Seite 6: Fazit

Ja, mit der ASUS ROG XG Station 2 kann man aus dem ASUS Transformer 3 Pro T303UA einen leistungsfähigen Gaming-Rechner zaubern. Je nach Grafikkarte können theoretisch alle aktuellen Spieletitel problemlos darauf gespielt werden. Während die integrierte Intel HD Graphics 520 des Intel Core i7-6500U in Spielen wie The Witcher 3, Tomb Raider oder Grand Theft Auto 5 nur unspielbare FPS-Werte erreicht, sind mit einer per Thunderbolt 3 angeschlossenen GeForce GTX 1060 oder GeForce GTX 1050 Ti ruckelfreie Bildraten möglich und das sogar in Full HD und mit allen Grafik-Details.

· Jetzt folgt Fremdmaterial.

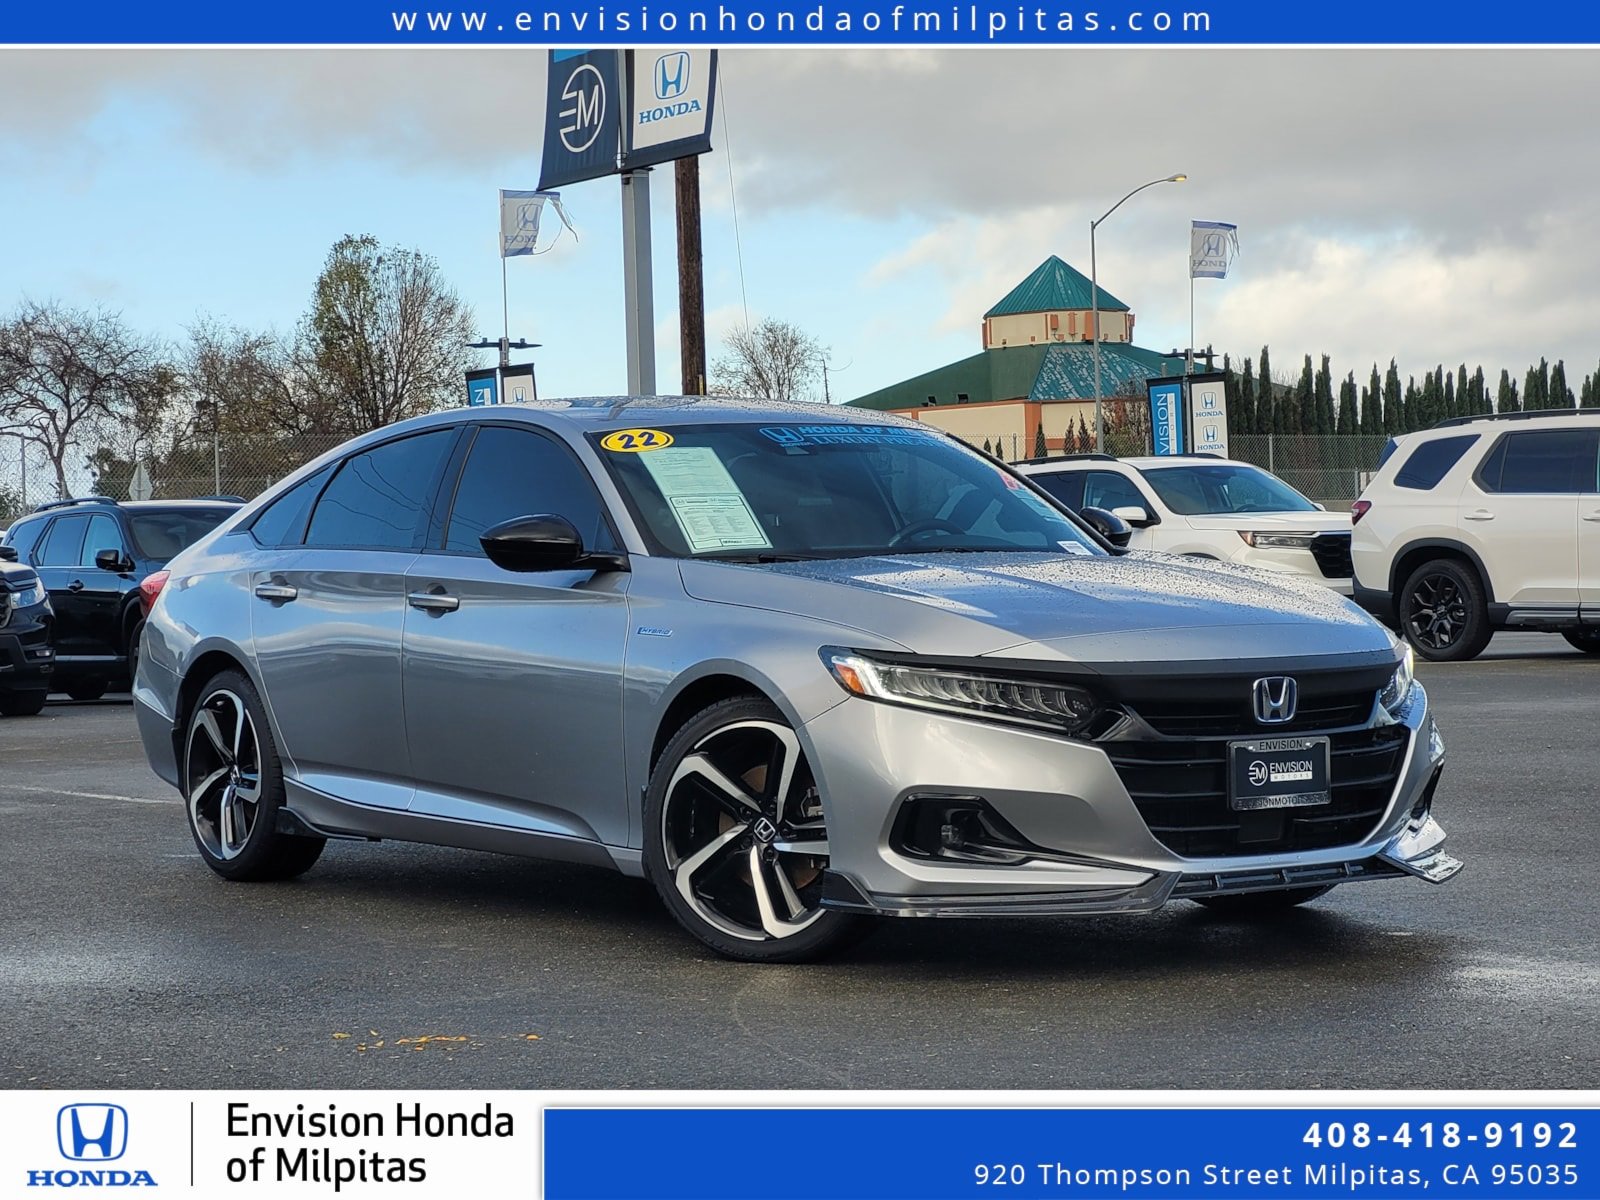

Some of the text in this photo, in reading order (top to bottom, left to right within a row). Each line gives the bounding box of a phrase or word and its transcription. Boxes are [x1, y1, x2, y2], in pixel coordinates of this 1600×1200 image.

Eine allzu schnelle und teure Grafikkarte sollte man dem Convertible allerdings nicht zur Seite stellen. Auch wenn der 3D-Beschleuniger intern nur per PCI-Express 3.0 und vier Lanes angebunden wird, stößt man schnell an die Grenzen der Thunderbolt-3-Verbindung. Wer die Box dann noch per Gigabit-Ethernet ins Netzwerk hängt, zusätzliche Festplatten und Geräte über USB 3.1 anschließt, sprengt schnell die Brutto-Bandbreite von Thunderbolt 3. ASUS hat deswegen vorgesorgt und setzt auf eine zusätzliche USB-3.1-Verbindung. Die Bandbreite ist bei unserem Versuchsaufbau aber nur bedingt das Problem. Vielmehr sorgt der Prozessor dafür, dass man einen teuren High-End-Beschleuniger nicht verwenden sollte. Er ist schlichtweg zu langsam, die Leistung zu inkonsistent. Das mag in der Praxis dem Durchschnittsspieler kaum auffallen, dem Hardcore-Gamer aber schon.

Für die Flexibilität, ein Gerät für alle erdenklichen Lebenslagen und Einsatzzwecke zu haben, bezahlt man allerdings einen hohen Preis. Alleine für das ASUS Transformer 3 Pro T303UA werden rund 1.600 Euro ausgerufen, für die ASUS ROG XG Station 2 werden weitere 400 Euro ohne Grafikkarte fällig. Je nach Pixelbeschleuniger kommen weitere 150 bis 600 Euro hinzu. Für einen Aufbau mit GeForce GTX 1050 Ti, welche wir am sinnvollsten erachten, bezahlt man damit fast 2.200 Euro. 

Nach den Weihnachtsfeiertagen und der CES 2017 zu Beginn des nächsten Jahres werden wir der ASUS ROG XG Station 2 einen weiteren Test spendieren. Wir werden den externen Grafikbeschleuniger nicht nur an ein deutlich schnelleres Notebook anschließen, sondern vor allem auch mehrere Grafikkarten von AMD und NVIDIA ausprobieren. Dem Bandbreiten-Problem wollen wir ebenfalls näher auf den Grund gehen und die Verbindung einmal ohne und einmal mit zusätzlicher USB-Verbindung zu Thunderbolt 3 testen. Ist das System schneller, wenn man den Monitor direkt an die Grafikkarte anschließt? Das und vieles mehr zu einem späteren Zeitpunkt!